Wingham-based Wallaby Joe Rural Fire Brigade triples in size after Black Summer bushfires

Some of the new Wallaby Joe recruits attending training in March before the COVID-19 lockdown. Photo: supplied
Some of the new Wallaby Joe recruits attending training in March before the COVID-19 lockdown. Photo: supplied

The Black Summer bushfires of 2019/2020 had one positive outcome for Rural Fire Service brigades across NSW - a surge of new recruits joining up.

The Wingham-based Wallaby Joe brigade was no exception. Following a single post on their Facebook page asking for interested potential volunteers, 61 people people turned up on the first open night.

From these 61 people 20 people registered to become members, taking the brigade from 10 to 30 volunteers.

The new recruits started basic firefighting training in February, however the coronavirus pandemic has stymied progress.

"It's put a damper on things. We couldn't train there for a while," brigade captain, Kristian Guppy said.

"We've just got all these new recruits going through, and we were really pushing and getting through training, and all of a sudden it just goes bang, stop. What are we going to do? We can't do anything.
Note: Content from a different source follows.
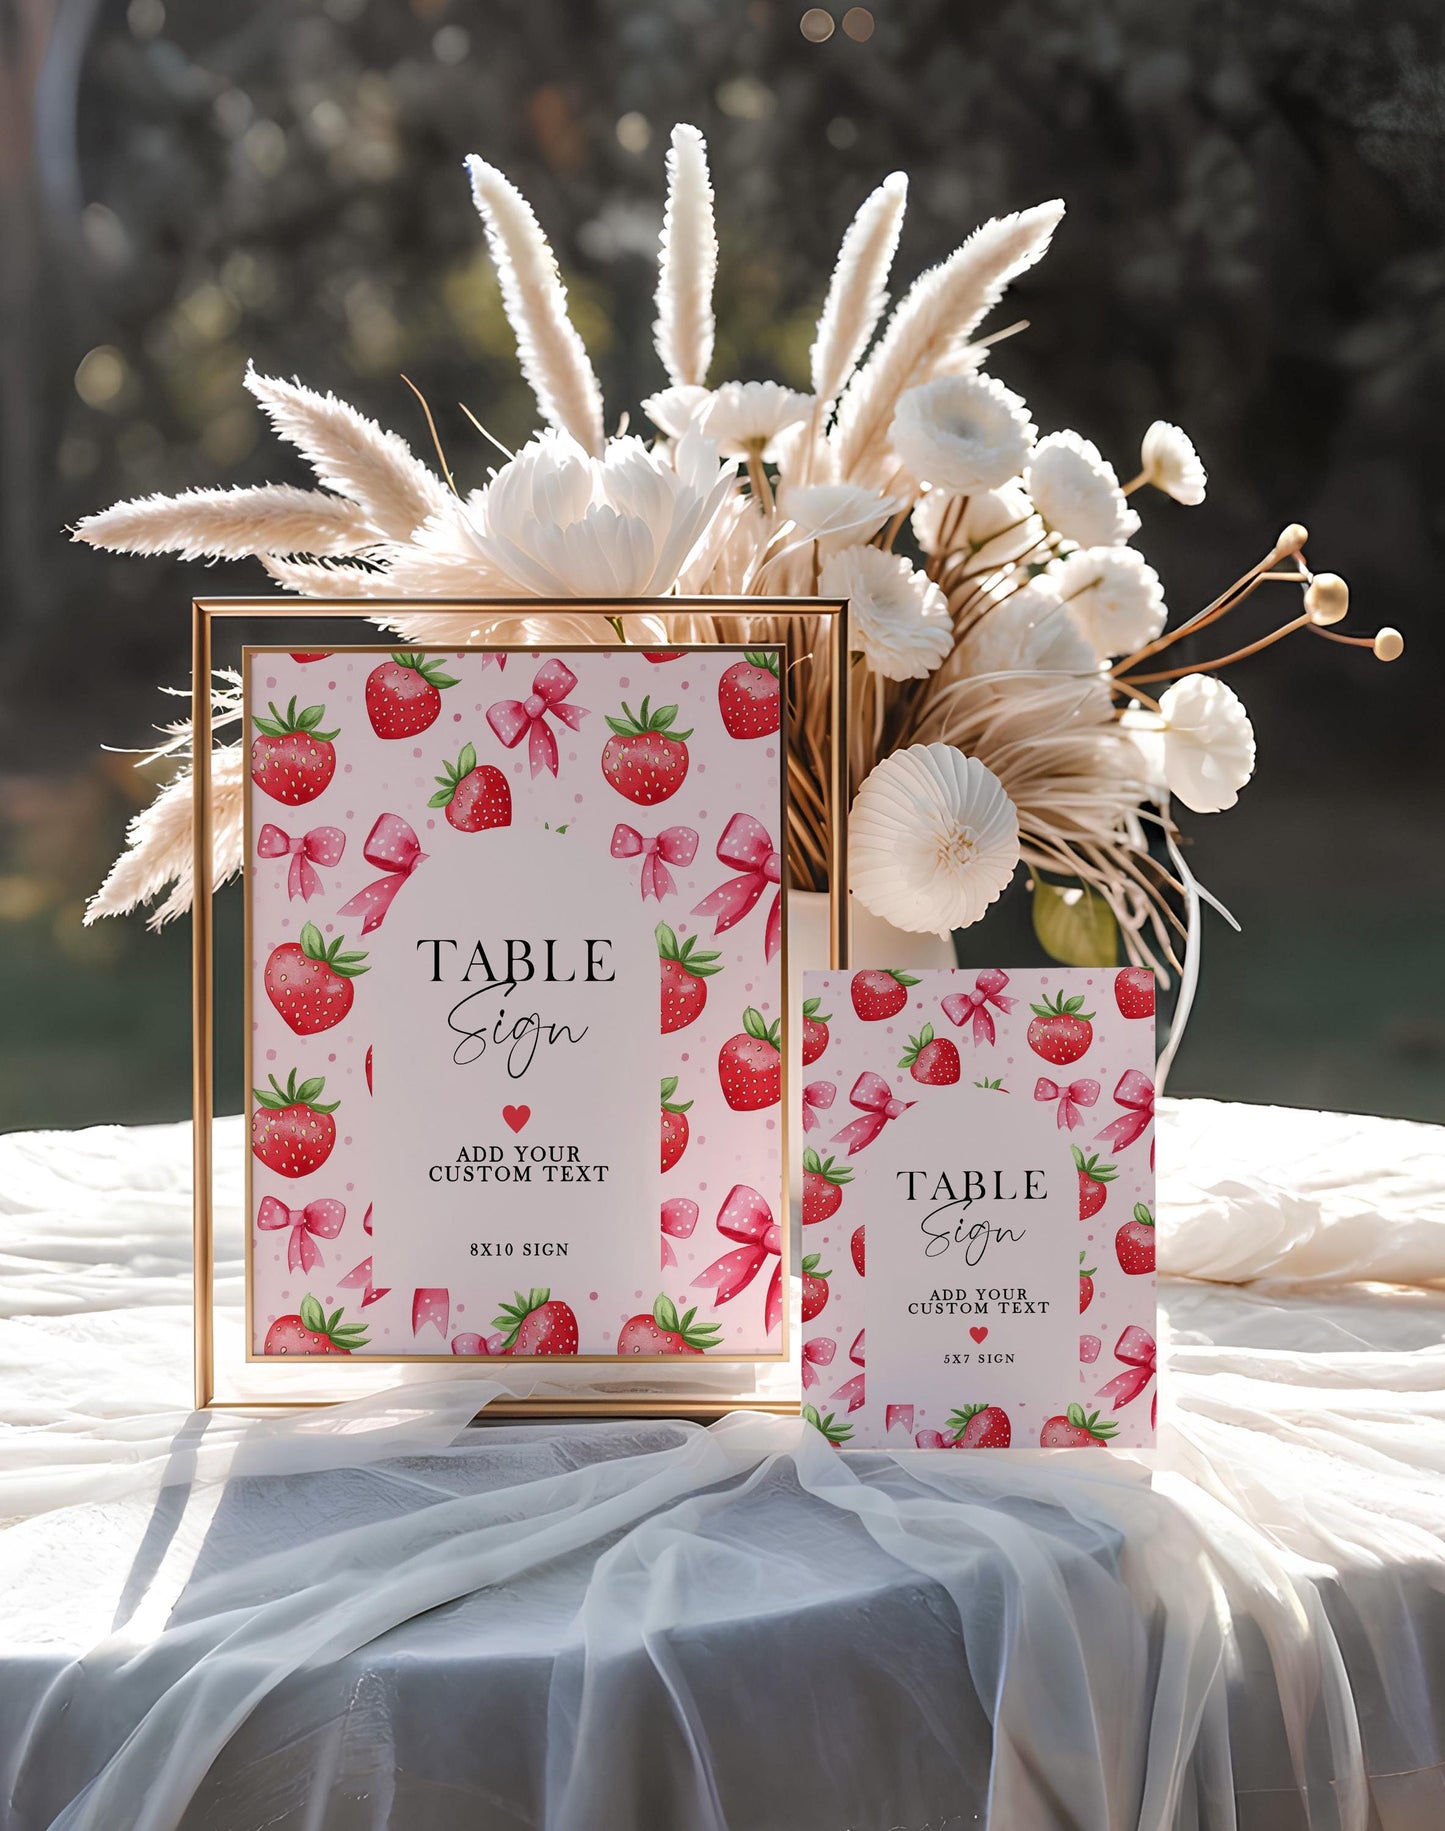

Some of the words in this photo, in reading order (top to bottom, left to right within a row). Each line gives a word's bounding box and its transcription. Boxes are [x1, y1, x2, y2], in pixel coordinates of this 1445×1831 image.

I think that might have shaken a few of them up."

With the easing of restrictions, training has resumed, but the full contingent of new recruits has eased off.

"I think over the winter months, with these colder nights people are hanging back at home a bit. But we've got a few people that are constantly turning up on Tuesday nights," Kristian said.

"But hopefully out of all this recruitment we are able to become a really strong brigade and move forward."

Past and present: The Wallaby Joe brigade was awarded Community Group of the Year at the Taree 2020 Australia Day Awards. Pictured at the awards are then captain Bob Pope (right) and present captain Kristian Guppy (left) with president John Dorrington. Photo: supplied

Past and present: The Wallaby Joe brigade was awarded Community Group of the Year at the Taree 2020 Australia Day Awards. Pictured at the awards are then captain Bob Pope (right) and present captain Kristian Guppy (left) with president John Dorrington. Photo: supplied

New captain at the helm

Earlier this year, Wallaby Joe RFS captain, Bob Pope, handed over the mantle to Kristian Guppy.

Bob has been a member of the Wallaby Joe brigade for 36 years, and was captain for 20 years.

After the Black Summer bushfires Bob retired from the job of captain and took a well-earned break from the brigade. He has since returned, with his wealth of knowledge of not only firefighting, but our area, and is now the deputy captain three.

He was a long serving captain and did really well for the brigade and the Wingham and Wallaby Joe area.

Kristian Guppy, Wallaby Joe Rural Fire Brigade captain

"He's still got that crew leader experience for the brigade," Kristian said.

"He was a long serving captain and did really well for the brigade and the Wingham and Wallaby Joe area. He wanted to retire and felt it was time for somebody new to step up and take over and take the brigade."

Kristian joined the Country Fire Authority (CFA), the Victorian counterpart to the NSW RFS, when he was just 14. While a member of the Ballan CFA brigade, he held the position of captain for eight years. He was captain of the brigade during the Black Saturday fires in Victoria in 2009.

When Kristian and his family relocated to Wingham five years ago, Kristian immediately joined the Wallaby Joe brigade.

"If you've got that in your blood already you might as well keep it going," he said.

"I thought 'it's a nice little town, a nice little brigade, I'll join these guys'. Then I realised when I joined I was one of the youngest members to join. We've got a few that are in the higher ranking age bracket!"